Next tip is for staple holes. I thought I read somewhere about using water to swell holes so I tried it. Just a drop and the holes shrink up nice. Not sure what other wood it will work with, but the cedar is a very porous wood. 

More to come this weekend.


----------



## firecat1981 (Nov 27, 2007)

Making some sawdust.









It's been a challenge so far, I really need to buy a thickness planer to do this correctly, but that's a lot of money right now so I'll just do what I can with the router table and table saw.


----------



## anytide (Jul 30, 2009)

take your strips here , maybe they can true em up for you....
http://craftsmensupply.com/
i.ve bought lots of exotic wood here , nice guys


----------



## firecat1981 (Nov 27, 2007)

I wish that place was closer to me, I wish any decent lumber supply was closer!

I think I have it sorted out well enough for now, I'm gonna try a few tricks next time though.


----------



## DuckNut (Apr 3, 2009)

Once upon a time I rented a planer from either HD or Lowe's (can't remember which one)


----------



## firecat1981 (Nov 27, 2007)

I called the locals, no thickness planers available, so I made due with what I had. I do have a hand planer that I may try.

I made a little progress today, I put together one of the side panels, because I had to splice so many smaller boards together it was like doing a giant jigsaw puzzle.

There is some wood among that sea of staples and glue, lol.


----------



## cvilt (May 31, 2010)

I am in Palmetto and have a thickness planer if you want to use it. I don't know when I will be in Lakeland next, could be this Tuesday or next month


----------



## firecat1981 (Nov 27, 2007)

I started pulling staples, it seemed to go on forever but really only took about 15 minutes to pull them.

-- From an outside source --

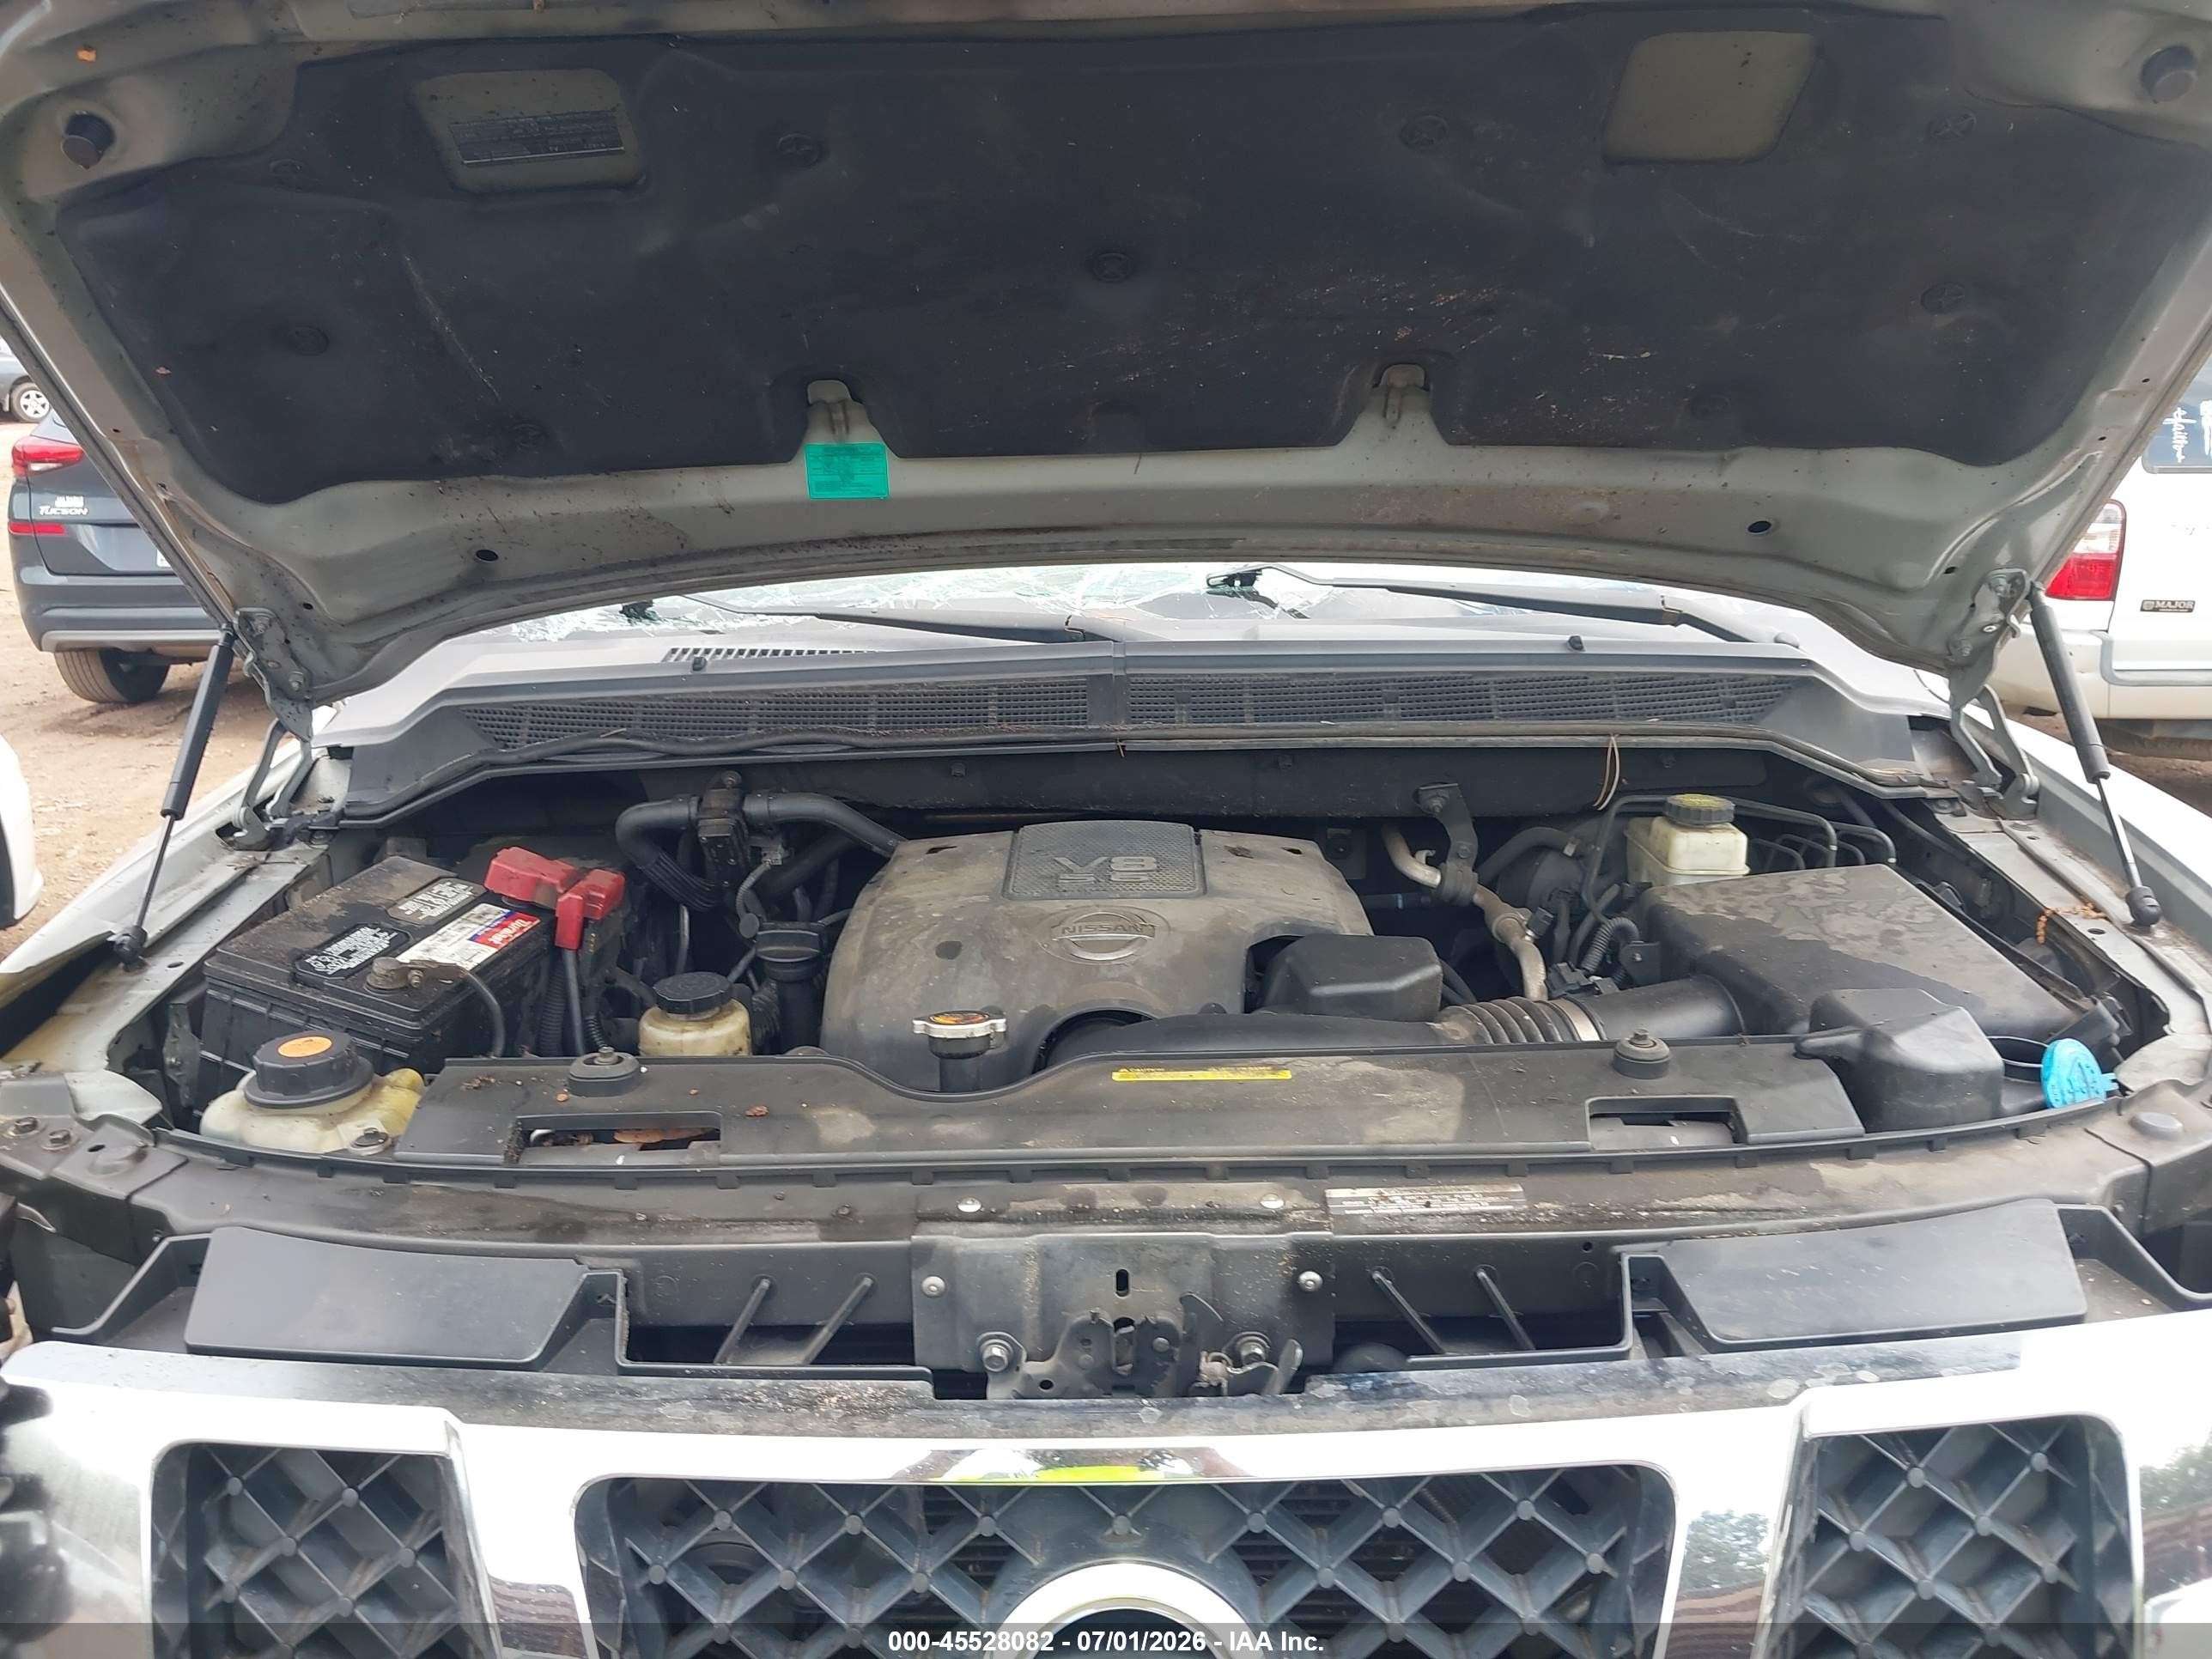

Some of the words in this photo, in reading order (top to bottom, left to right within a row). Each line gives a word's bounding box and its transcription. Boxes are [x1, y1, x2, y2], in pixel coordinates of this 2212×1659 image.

[2156, 600, 2193, 609] MAJOR
[1054, 856, 1157, 872] V8
[1061, 924, 1144, 935] NISSAN

I trimmed up the ends. I'm actually fairly pleased with how the panel came out, I like the strip look and once sanded I think it will look really nice. I was surprised how light it was, maybe a few pounds. Once I trim it down and sand it the core cedar panel will weigh hardly anything.


----------



## oysterbreath (Jan 13, 2009)

That's gonna be real sweet! If it turns out right you might wanna generate some "sharable" panel plans. 
Anyway, so is this the sort of planer you are looking for?







I've been eye balling them too with a wooden deck in mind.


----------



## firecat1981 (Nov 27, 2007)

Pathfinder, thanks but I think I have it all sorted out for now.

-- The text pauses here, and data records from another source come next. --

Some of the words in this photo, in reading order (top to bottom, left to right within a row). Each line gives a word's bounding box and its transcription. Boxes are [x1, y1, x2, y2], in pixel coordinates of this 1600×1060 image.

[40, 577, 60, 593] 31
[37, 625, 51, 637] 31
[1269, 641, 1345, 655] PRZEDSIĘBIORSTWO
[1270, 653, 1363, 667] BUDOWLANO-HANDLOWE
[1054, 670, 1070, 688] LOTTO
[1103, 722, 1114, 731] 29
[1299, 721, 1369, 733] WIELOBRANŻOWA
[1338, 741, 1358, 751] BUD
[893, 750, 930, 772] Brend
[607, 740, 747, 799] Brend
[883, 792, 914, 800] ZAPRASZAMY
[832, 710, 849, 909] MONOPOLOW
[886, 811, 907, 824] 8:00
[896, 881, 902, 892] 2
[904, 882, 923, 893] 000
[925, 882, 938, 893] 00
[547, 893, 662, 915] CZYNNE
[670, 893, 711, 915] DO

Oyster, yep I'd love to have one but it's not in the budget right now. However I do have a hand held planer that I decided to try today and it worked fairly well. Using the router table ended up costing me more stock then I knew till tonight. I'd say I was only able to use maybe 50% of what I had cut so after waste and such I used maybe 2.5 inches of the 5.5 available in the 1x6, but the board I planed tonight should yield me a much higher volume. maybe as much as 4-4.5" we will see.

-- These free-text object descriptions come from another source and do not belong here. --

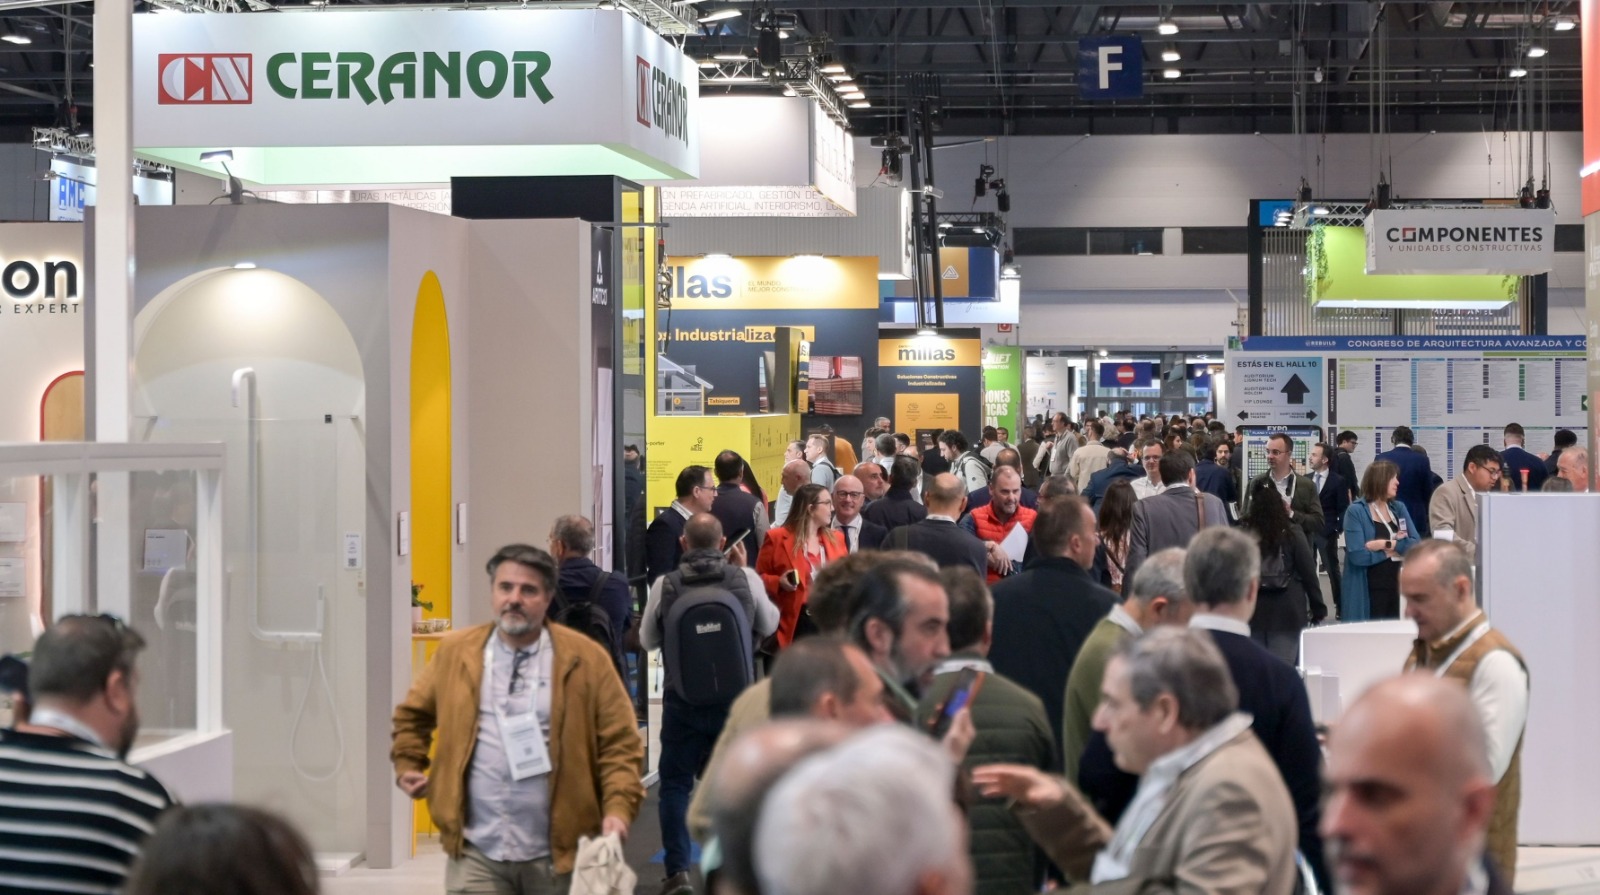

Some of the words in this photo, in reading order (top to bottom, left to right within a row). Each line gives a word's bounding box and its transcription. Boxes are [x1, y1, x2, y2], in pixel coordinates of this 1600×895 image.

[1098, 46, 1123, 89] F
[266, 50, 554, 105] CERANOR
[652, 66, 689, 149] CERANOR
[384, 190, 436, 201] METÁLICAS
[759, 189, 801, 199] GESTIÓN
[805, 190, 817, 199] DE
[1386, 227, 1543, 243] COMPONENTES
[1398, 244, 1451, 252] UNIDADES
[1455, 244, 1542, 252] CONSTRUCTIVAS
[14, 303, 79, 314] EXPERT
[1347, 340, 1404, 348] CONGRESO
[1407, 340, 1420, 348] DE
[1423, 340, 1502, 349] ARQUITECTURA
[1505, 340, 1562, 348] AVANZADA
[1565, 340, 1573, 348] Y
[898, 347, 956, 361] millas
[1237, 360, 1262, 368] ESTÁS

If it works out well I may offer up the plans.


----------



## disporks (Jan 19, 2011)

I may have missed it but what did you use for glue?


----------



## firecat1981 (Nov 27, 2007)

For this type of panel many other builders use titebond II wood glue in between the strips, but I have concerns with it because epoxy can not bond to it. Which wouldn't be much of any issue since there should be no glue on the surface of the panel. Still it concerned me so I decided to go with Elmer's Glue Max, it's waterproof, stainable and paintable. So if paint can bond to it then epoxy shouldn't have an issue either.

If I were doing a larger boat that is to be powered I would have used thickened epoxy instead.


----------



## firecat1981 (Nov 27, 2007)

I had a few set backs but I'm back in action, I finished assembling the second side panel tonight. I'll start working on the bottom panel in the next few days, then tons of sanding to even out the panels before assembly and glassing. This is where a thickness planer might be nice, I'm definitely going to add one to my garage soon.


----------



## oysterbreath (Jan 13, 2009)

Looking good so far. Watching you work with those planks is doing me a disservice! It makes me think that I should cut down some stock and make myself a wooden deck for my boat. Yeah, I blame YOU buddy! lol

I also stopped over at home depo and drooled over some Planers AGAIN! I feel ya' man....those things are just not in the cards! So, anyway, what weight fiberglass you gonna use over that wood?


----------



## firecat1981 (Nov 27, 2007)

How about just some accent pieces?

I would like to get a planer in the future, if I decide to keep going with this type of construction. Till then the hand planer, belt sander, and randome orbit are doing well enough. I'm thinking I'll do 4oz surfboard cloth on the outside, and maybe a layer or 2 of the 6/9oz cloth on the inside.


----------



## firecat1981 (Nov 27, 2007)

I did a bit of work today. Started by rough sanding the side panels. I used a belt sander to make quick work of it. I'll go back later on before glassing and do the final sanding.









Scribing my lines









Panels trimmed up and ready for stitching and fitting.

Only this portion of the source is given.